Task goal:
Each entry is to be retyped exactly as it stands.

Free-text object descriptions:
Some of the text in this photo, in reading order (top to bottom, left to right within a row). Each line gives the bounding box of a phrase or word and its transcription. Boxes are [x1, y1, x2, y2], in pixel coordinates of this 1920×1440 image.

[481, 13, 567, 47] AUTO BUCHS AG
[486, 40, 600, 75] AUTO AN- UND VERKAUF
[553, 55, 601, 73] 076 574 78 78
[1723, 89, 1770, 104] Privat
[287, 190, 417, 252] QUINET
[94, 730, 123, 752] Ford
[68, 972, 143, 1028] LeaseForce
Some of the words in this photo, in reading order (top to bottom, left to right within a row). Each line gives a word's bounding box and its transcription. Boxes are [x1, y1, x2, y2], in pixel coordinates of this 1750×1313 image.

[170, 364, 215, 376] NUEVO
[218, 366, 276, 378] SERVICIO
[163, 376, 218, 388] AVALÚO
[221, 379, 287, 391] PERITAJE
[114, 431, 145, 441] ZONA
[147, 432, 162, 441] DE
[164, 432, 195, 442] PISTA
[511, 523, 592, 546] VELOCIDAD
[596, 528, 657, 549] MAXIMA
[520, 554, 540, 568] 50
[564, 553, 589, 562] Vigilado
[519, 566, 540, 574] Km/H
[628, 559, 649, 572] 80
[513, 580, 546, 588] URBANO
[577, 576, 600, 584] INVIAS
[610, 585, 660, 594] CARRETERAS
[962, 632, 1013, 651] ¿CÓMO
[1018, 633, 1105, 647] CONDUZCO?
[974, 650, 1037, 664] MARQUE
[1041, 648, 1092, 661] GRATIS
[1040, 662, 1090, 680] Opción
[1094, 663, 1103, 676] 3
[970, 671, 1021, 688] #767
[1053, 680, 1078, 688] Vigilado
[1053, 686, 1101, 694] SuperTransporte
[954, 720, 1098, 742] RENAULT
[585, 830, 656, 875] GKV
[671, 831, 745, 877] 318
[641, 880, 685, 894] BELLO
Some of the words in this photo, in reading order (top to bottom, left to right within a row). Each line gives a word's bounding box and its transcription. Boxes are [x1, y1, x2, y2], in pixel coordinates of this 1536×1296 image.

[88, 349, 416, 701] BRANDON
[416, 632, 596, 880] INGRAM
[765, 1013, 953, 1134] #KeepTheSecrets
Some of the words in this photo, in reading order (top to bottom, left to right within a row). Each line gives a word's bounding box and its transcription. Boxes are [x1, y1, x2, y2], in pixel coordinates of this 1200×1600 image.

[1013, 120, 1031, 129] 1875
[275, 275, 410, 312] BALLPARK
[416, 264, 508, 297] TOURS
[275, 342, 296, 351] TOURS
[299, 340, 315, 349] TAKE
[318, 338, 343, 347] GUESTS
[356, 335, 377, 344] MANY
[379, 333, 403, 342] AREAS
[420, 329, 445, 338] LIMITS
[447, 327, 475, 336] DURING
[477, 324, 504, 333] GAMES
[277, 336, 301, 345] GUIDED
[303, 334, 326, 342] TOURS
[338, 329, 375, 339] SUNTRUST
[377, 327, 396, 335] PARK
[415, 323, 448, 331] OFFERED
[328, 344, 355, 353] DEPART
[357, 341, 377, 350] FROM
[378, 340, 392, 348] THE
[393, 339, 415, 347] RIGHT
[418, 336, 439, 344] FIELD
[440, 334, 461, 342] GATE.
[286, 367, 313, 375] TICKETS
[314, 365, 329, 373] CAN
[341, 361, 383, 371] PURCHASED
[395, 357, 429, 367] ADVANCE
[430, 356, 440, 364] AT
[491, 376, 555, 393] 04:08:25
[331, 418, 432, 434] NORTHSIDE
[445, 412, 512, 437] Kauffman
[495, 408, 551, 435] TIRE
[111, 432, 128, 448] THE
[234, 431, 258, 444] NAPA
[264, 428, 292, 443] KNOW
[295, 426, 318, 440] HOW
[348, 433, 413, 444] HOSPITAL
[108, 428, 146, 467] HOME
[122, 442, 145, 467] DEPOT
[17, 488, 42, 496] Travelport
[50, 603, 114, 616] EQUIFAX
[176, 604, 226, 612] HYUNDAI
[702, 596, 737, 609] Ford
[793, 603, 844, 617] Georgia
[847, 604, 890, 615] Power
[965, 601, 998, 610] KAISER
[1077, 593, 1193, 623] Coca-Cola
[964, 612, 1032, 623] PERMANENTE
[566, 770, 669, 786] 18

Exercise response:
Some of the text in this photo, in reading order (top to bottom, left to right within a row). Each line gives the bounding box of a phrase or word and its transcription. Boxes are [x1, y1, x2, y2], in pixel coordinates of this 1920×1440 image.

[481, 13, 567, 47] AUTO BUCHS AG
[486, 40, 600, 75] AUTO AN- UND VERKAUF
[553, 55, 601, 73] 076 574 78 78
[1723, 89, 1770, 104] Privat
[287, 190, 417, 252] QUINET
[94, 730, 123, 752] Ford
[68, 972, 143, 1028] LeaseForce
Some of the words in this photo, in reading order (top to bottom, left to right within a row). Each line gives a word's bounding box and its transcription. Boxes are [x1, y1, x2, y2], in pixel coordinates of this 1750×1313 image.

[170, 364, 215, 376] NUEVO
[218, 366, 276, 378] SERVICIO
[163, 376, 218, 388] AVALÚO
[221, 379, 287, 391] PERITAJE
[114, 431, 145, 441] ZONA
[147, 432, 162, 441] DE
[164, 432, 195, 442] PISTA
[511, 523, 592, 546] VELOCIDAD
[596, 528, 657, 549] MAXIMA
[520, 554, 540, 568] 50
[564, 553, 589, 562] Vigilado
[519, 566, 540, 574] Km/H
[628, 559, 649, 572] 80
[513, 580, 546, 588] URBANO
[577, 576, 600, 584] INVIAS
[610, 585, 660, 594] CARRETERAS
[962, 632, 1013, 651] ¿CÓMO
[1018, 633, 1105, 647] CONDUZCO?
[974, 650, 1037, 664] MARQUE
[1041, 648, 1092, 661] GRATIS
[1040, 662, 1090, 680] Opción
[1094, 663, 1103, 676] 3
[970, 671, 1021, 688] #767
[1053, 680, 1078, 688] Vigilado
[1053, 686, 1101, 694] SuperTransporte
[954, 720, 1098, 742] RENAULT
[585, 830, 656, 875] GKV
[671, 831, 745, 877] 318
[641, 880, 685, 894] BELLO
Some of the words in this photo, in reading order (top to bottom, left to right within a row). Each line gives a word's bounding box and its transcription. Boxes are [x1, y1, x2, y2], in pixel coordinates of this 1536×1296 image.

[88, 349, 416, 701] BRANDON
[416, 632, 596, 880] INGRAM
[765, 1013, 953, 1134] #KeepTheSecrets
Some of the words in this photo, in reading order (top to bottom, left to right within a row). Each line gives a word's bounding box and its transcription. Boxes are [x1, y1, x2, y2], in pixel coordinates of this 1200×1600 image.

[1013, 120, 1031, 129] 1875
[275, 275, 410, 312] BALLPARK
[416, 264, 508, 297] TOURS
[275, 342, 296, 351] TOURS
[299, 340, 315, 349] TAKE
[318, 338, 343, 347] GUESTS
[356, 335, 377, 344] MANY
[379, 333, 403, 342] AREAS
[420, 329, 445, 338] LIMITS
[447, 327, 475, 336] DURING
[477, 324, 504, 333] GAMES
[277, 336, 301, 345] GUIDED
[303, 334, 326, 342] TOURS
[338, 329, 375, 339] SUNTRUST
[377, 327, 396, 335] PARK
[415, 323, 448, 331] OFFERED
[328, 344, 355, 353] DEPART
[357, 341, 377, 350] FROM
[378, 340, 392, 348] THE
[393, 339, 415, 347] RIGHT
[418, 336, 439, 344] FIELD
[440, 334, 461, 342] GATE.
[286, 367, 313, 375] TICKETS
[314, 365, 329, 373] CAN
[341, 361, 383, 371] PURCHASED
[395, 357, 429, 367] ADVANCE
[430, 356, 440, 364] AT
[491, 376, 555, 393] 04:08:25
[331, 418, 432, 434] NORTHSIDE
[445, 412, 512, 437] Kauffman
[495, 408, 551, 435] TIRE
[111, 432, 128, 448] THE
[234, 431, 258, 444] NAPA
[264, 428, 292, 443] KNOW
[295, 426, 318, 440] HOW
[348, 433, 413, 444] HOSPITAL
[108, 428, 146, 467] HOME
[122, 442, 145, 467] DEPOT
[17, 488, 42, 496] Travelport
[50, 603, 114, 616] EQUIFAX
[176, 604, 226, 612] HYUNDAI
[702, 596, 737, 609] Ford
[793, 603, 844, 617] Georgia
[847, 604, 890, 615] Power
[965, 601, 998, 610] KAISER
[1077, 593, 1193, 623] Coca-Cola
[964, 612, 1032, 623] PERMANENTE
[566, 770, 669, 786] 18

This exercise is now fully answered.